What to work on: Output the complete listing exactly, please, and keep the pictures out of it.

▶

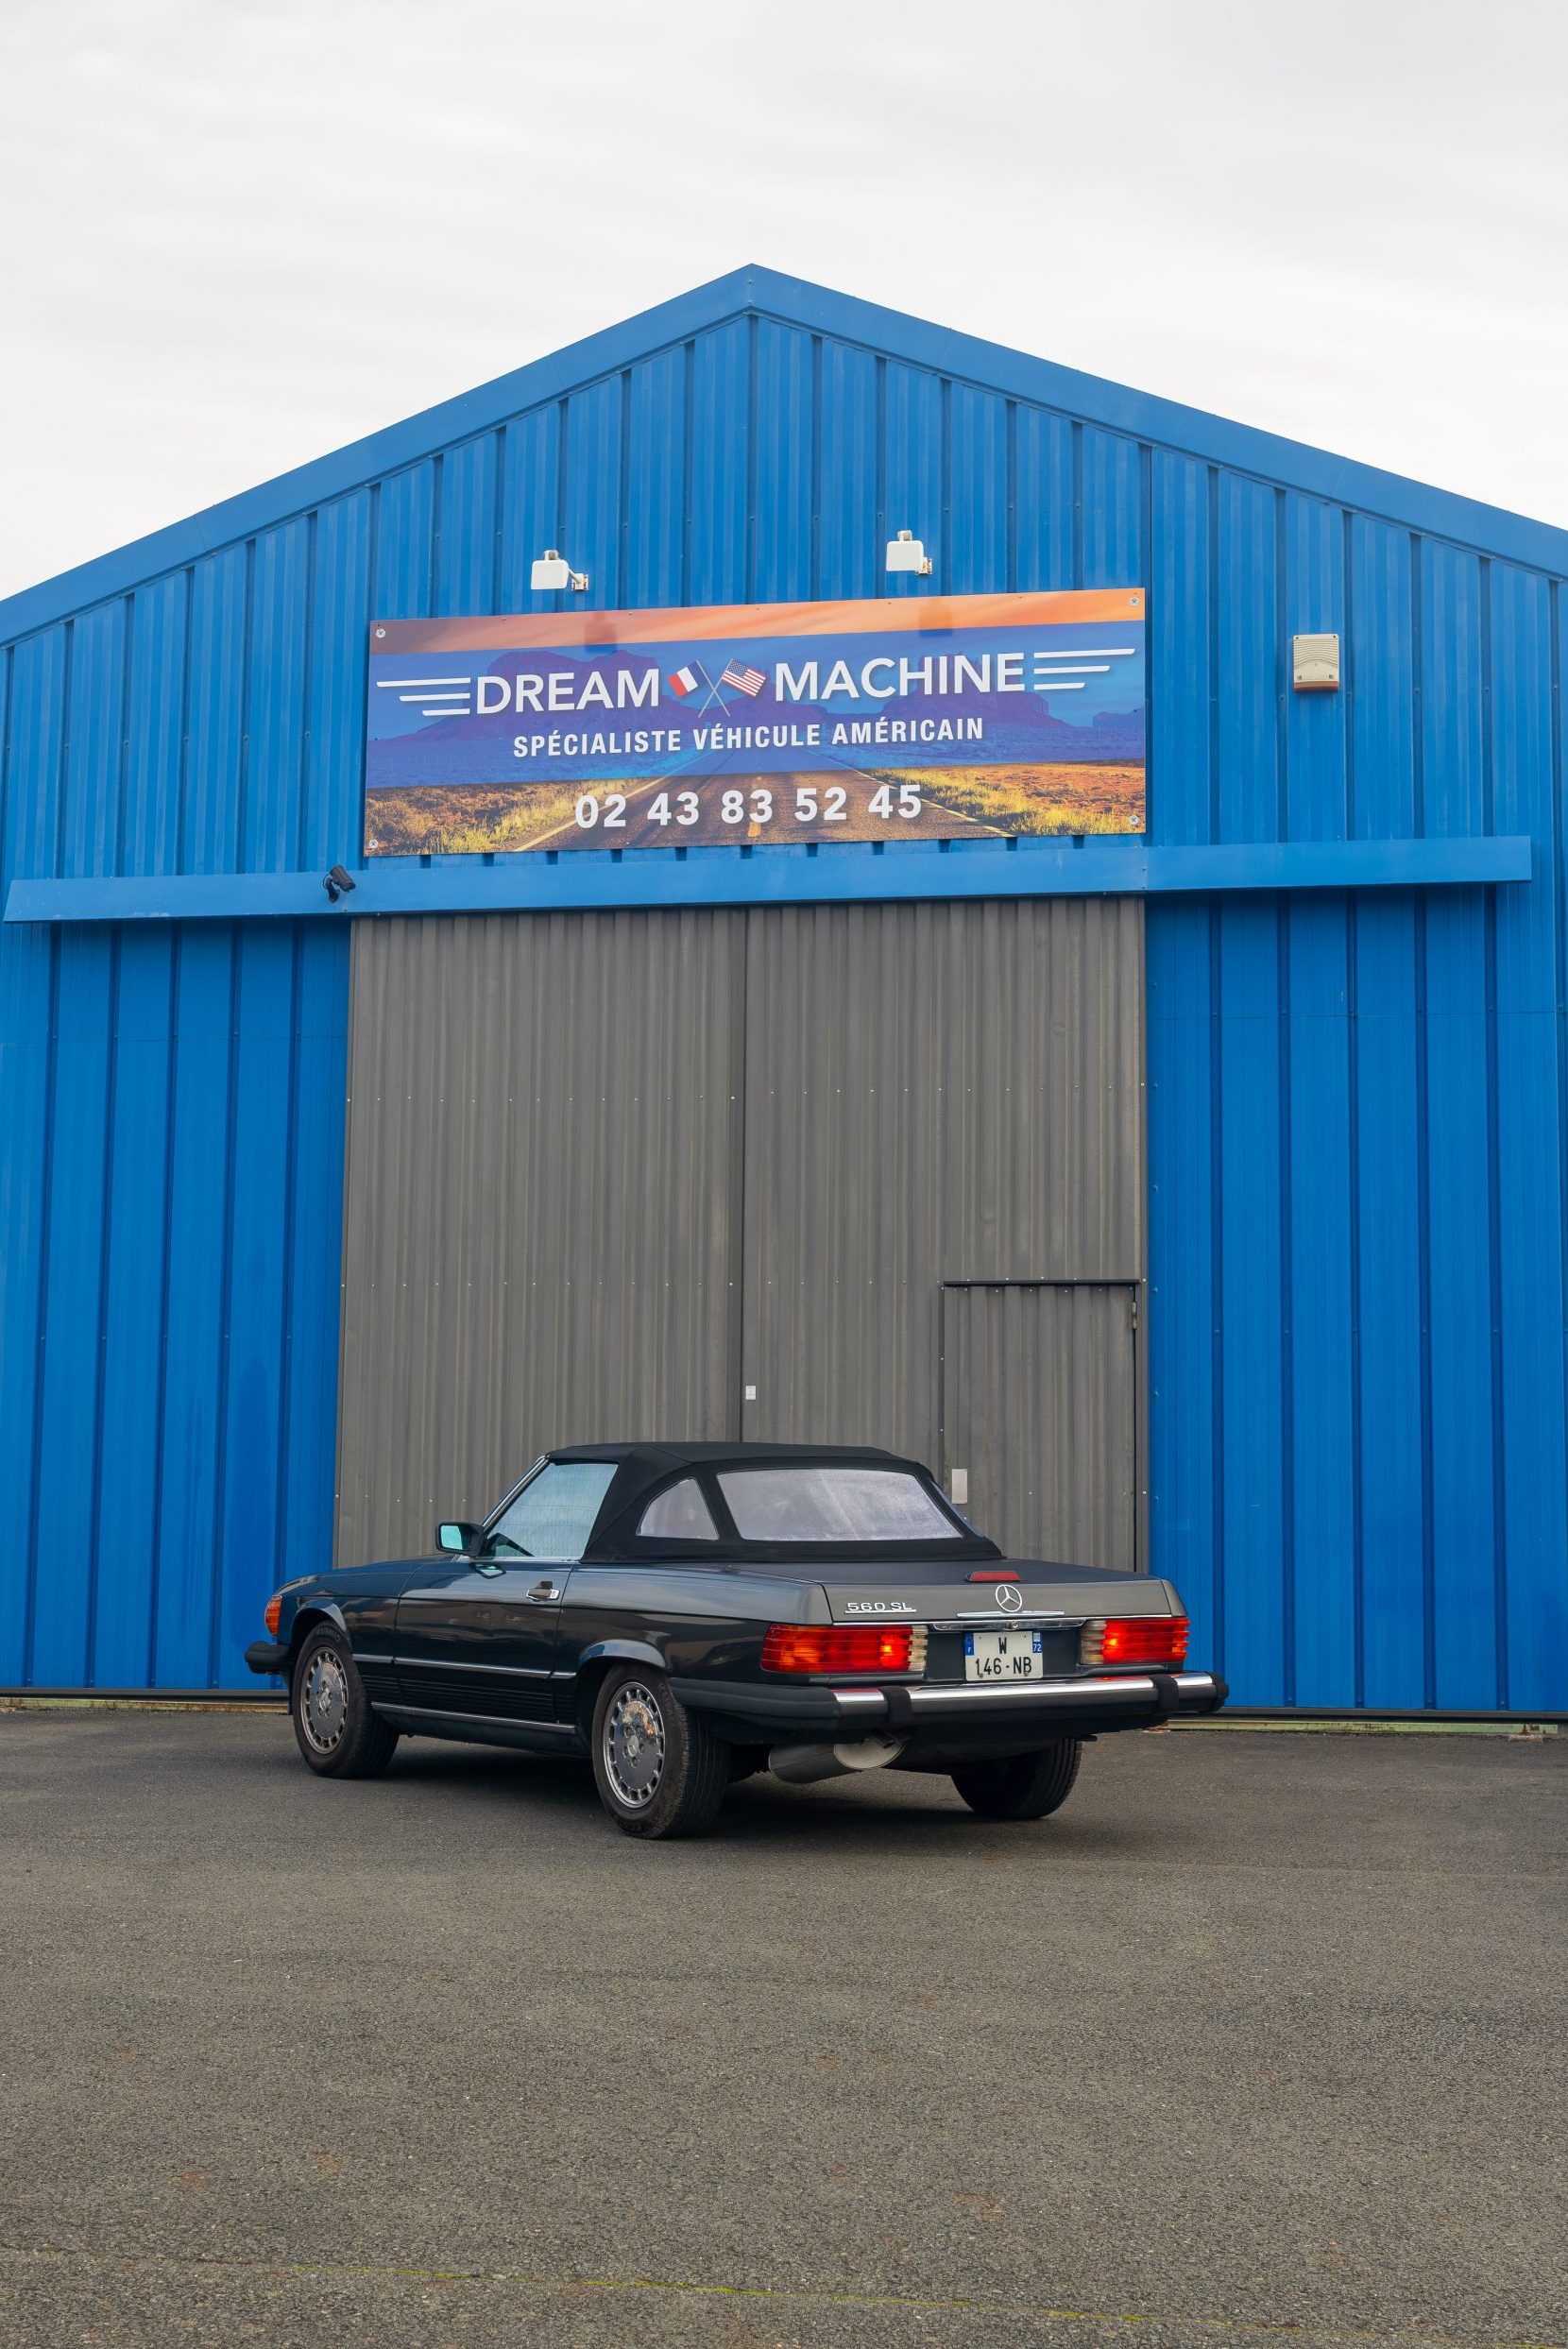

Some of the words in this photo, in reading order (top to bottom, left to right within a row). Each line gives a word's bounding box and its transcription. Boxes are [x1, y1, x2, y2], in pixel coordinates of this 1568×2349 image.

[477, 668, 659, 715] DREAM
[775, 652, 1025, 702] MACHINE
[513, 729, 682, 757] SPÉCIALISTE
[693, 723, 821, 751] VÉHICULE
[831, 716, 983, 745] AMÉRICAIN
[573, 794, 627, 828] 02
[647, 792, 700, 826] 43
[721, 789, 774, 825] 83
[793, 787, 848, 822] 52
[868, 784, 922, 820] 45
[847, 1602, 886, 1611] 560
[890, 1601, 912, 1610] SL
[997, 1637, 1008, 1655] W
[1032, 1643, 1042, 1653] 72

◀

Answer space:
Some of the words in this photo, in reading order (top to bottom, left to right within a row). Each line gives a word's bounding box and its transcription. Boxes are [x1, y1, x2, y2], in pixel coordinates of this 1568×2349 image.

[477, 668, 659, 715] DREAM
[775, 652, 1025, 702] MACHINE
[513, 729, 682, 757] SPÉCIALISTE
[693, 723, 821, 751] VÉHICULE
[831, 716, 983, 745] AMÉRICAIN
[573, 794, 627, 828] 02
[647, 792, 700, 826] 43
[721, 789, 774, 825] 83
[793, 787, 848, 822] 52
[868, 784, 922, 820] 45
[847, 1602, 886, 1611] 560
[890, 1601, 912, 1610] SL
[997, 1637, 1008, 1655] W
[1032, 1643, 1042, 1653] 72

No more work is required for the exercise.